▸ **Task statement**: All the lines below should be set down exactly, with no picture carried into the copy.

▸ **Images for object localization**:
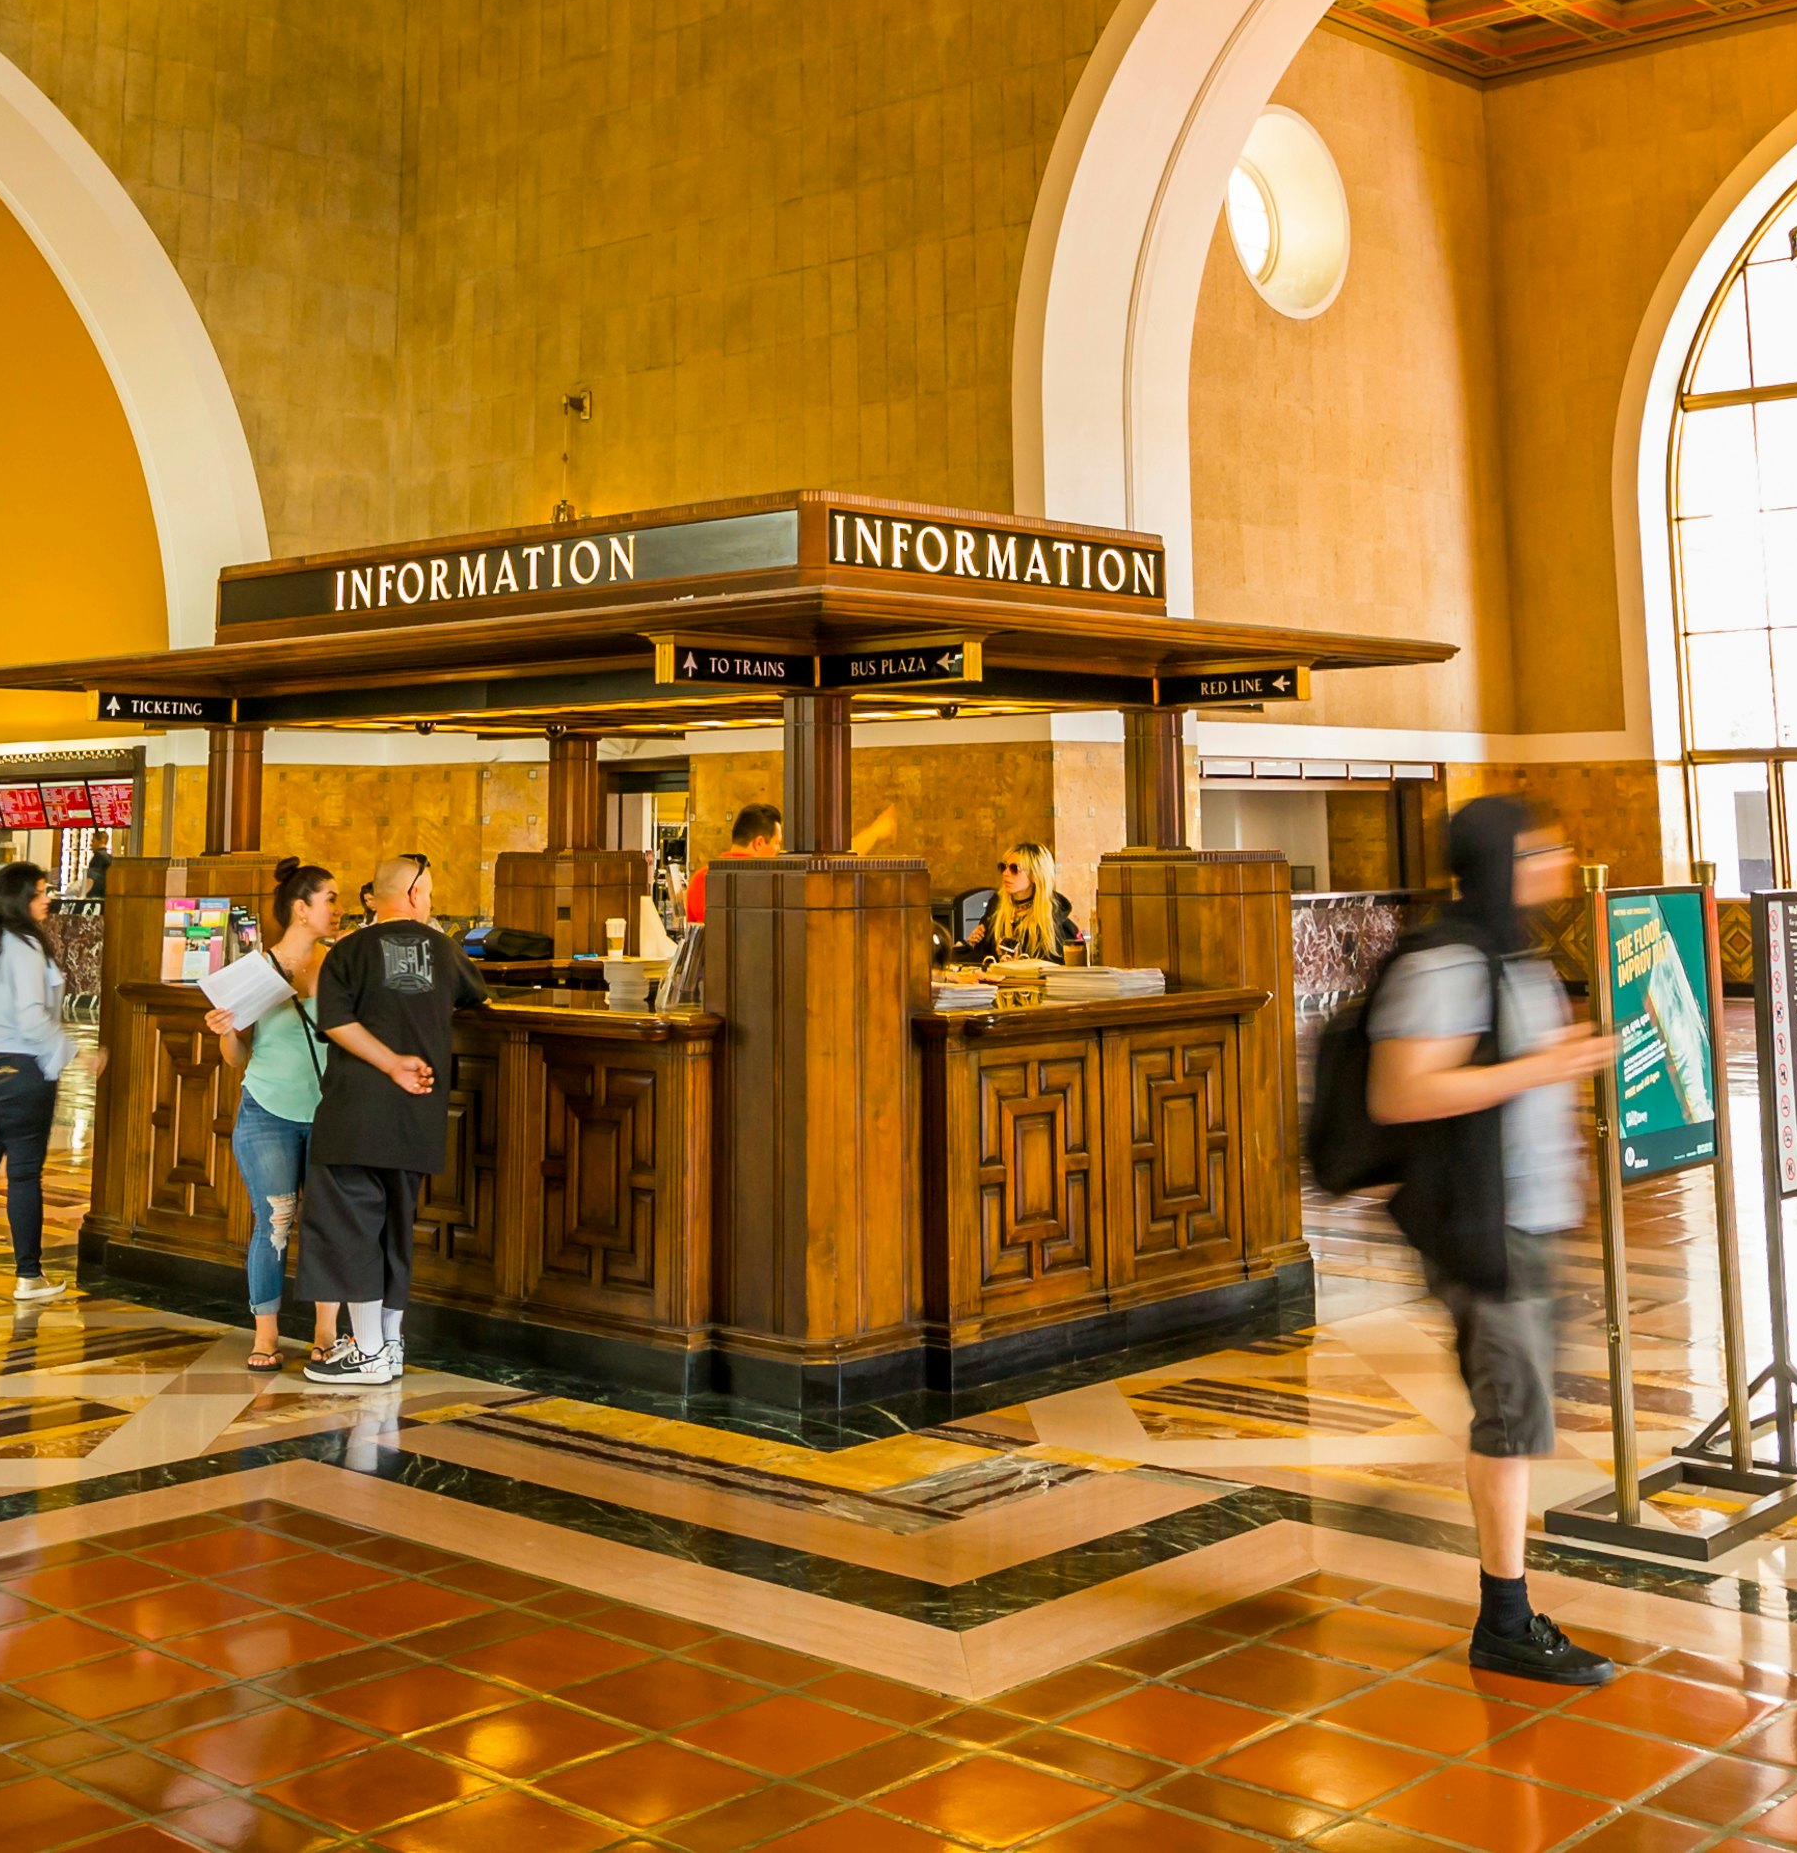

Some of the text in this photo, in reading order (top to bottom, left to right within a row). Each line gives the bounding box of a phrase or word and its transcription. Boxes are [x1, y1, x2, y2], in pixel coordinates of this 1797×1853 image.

[835, 514, 1157, 597] INFORMATION
[335, 534, 635, 611] INFORMATION
[709, 657, 785, 678] TO TRAINS
[851, 657, 926, 677] BUS PLAZA
[1201, 678, 1263, 696] RED LINE
[131, 700, 202, 716] TICKETING
[1615, 917, 1660, 963] THE FLOOR
[1618, 946, 1652, 988] IMPROV

▸ **Task answer**:
Some of the text in this photo, in reading order (top to bottom, left to right within a row). Each line gives the bounding box of a phrase or word and its transcription. Boxes are [x1, y1, x2, y2], in pixel coordinates of this 1797×1853 image.

[835, 514, 1157, 597] INFORMATION
[335, 534, 635, 611] INFORMATION
[709, 657, 785, 678] TO TRAINS
[851, 657, 926, 677] BUS PLAZA
[1201, 678, 1263, 696] RED LINE
[131, 700, 202, 716] TICKETING
[1615, 917, 1660, 963] THE FLOOR
[1618, 946, 1652, 988] IMPROV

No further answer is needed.